### Exercise objective:
Make an exact copy of all the records, one that contains none of the pictures.

### Records to process:
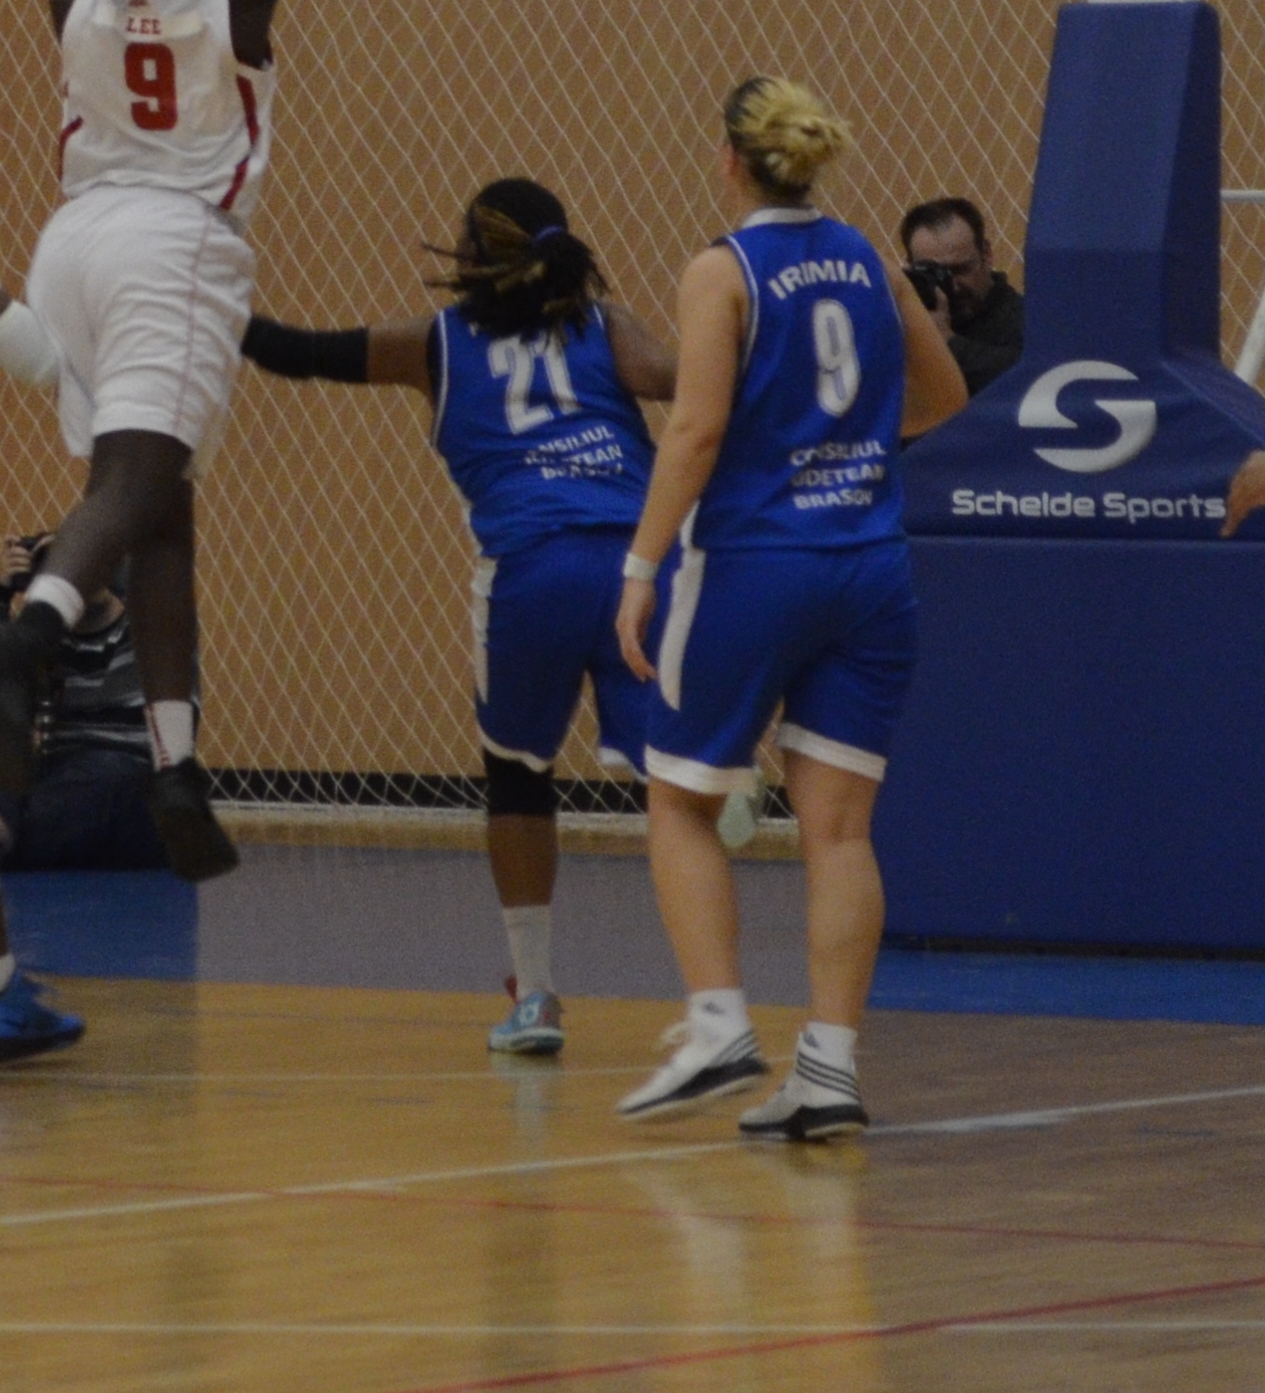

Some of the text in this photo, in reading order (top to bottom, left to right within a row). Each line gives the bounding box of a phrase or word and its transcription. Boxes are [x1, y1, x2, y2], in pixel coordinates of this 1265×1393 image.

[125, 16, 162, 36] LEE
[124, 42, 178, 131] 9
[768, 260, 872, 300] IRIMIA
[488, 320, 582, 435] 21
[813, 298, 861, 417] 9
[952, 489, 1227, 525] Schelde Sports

### Result below:
Some of the text in this photo, in reading order (top to bottom, left to right within a row). Each line gives the bounding box of a phrase or word and its transcription. Boxes are [x1, y1, x2, y2], in pixel coordinates of this 1265×1393 image.

[125, 16, 162, 36] LEE
[124, 42, 178, 131] 9
[768, 260, 872, 300] IRIMIA
[488, 320, 582, 435] 21
[813, 298, 861, 417] 9
[952, 489, 1227, 525] Schelde Sports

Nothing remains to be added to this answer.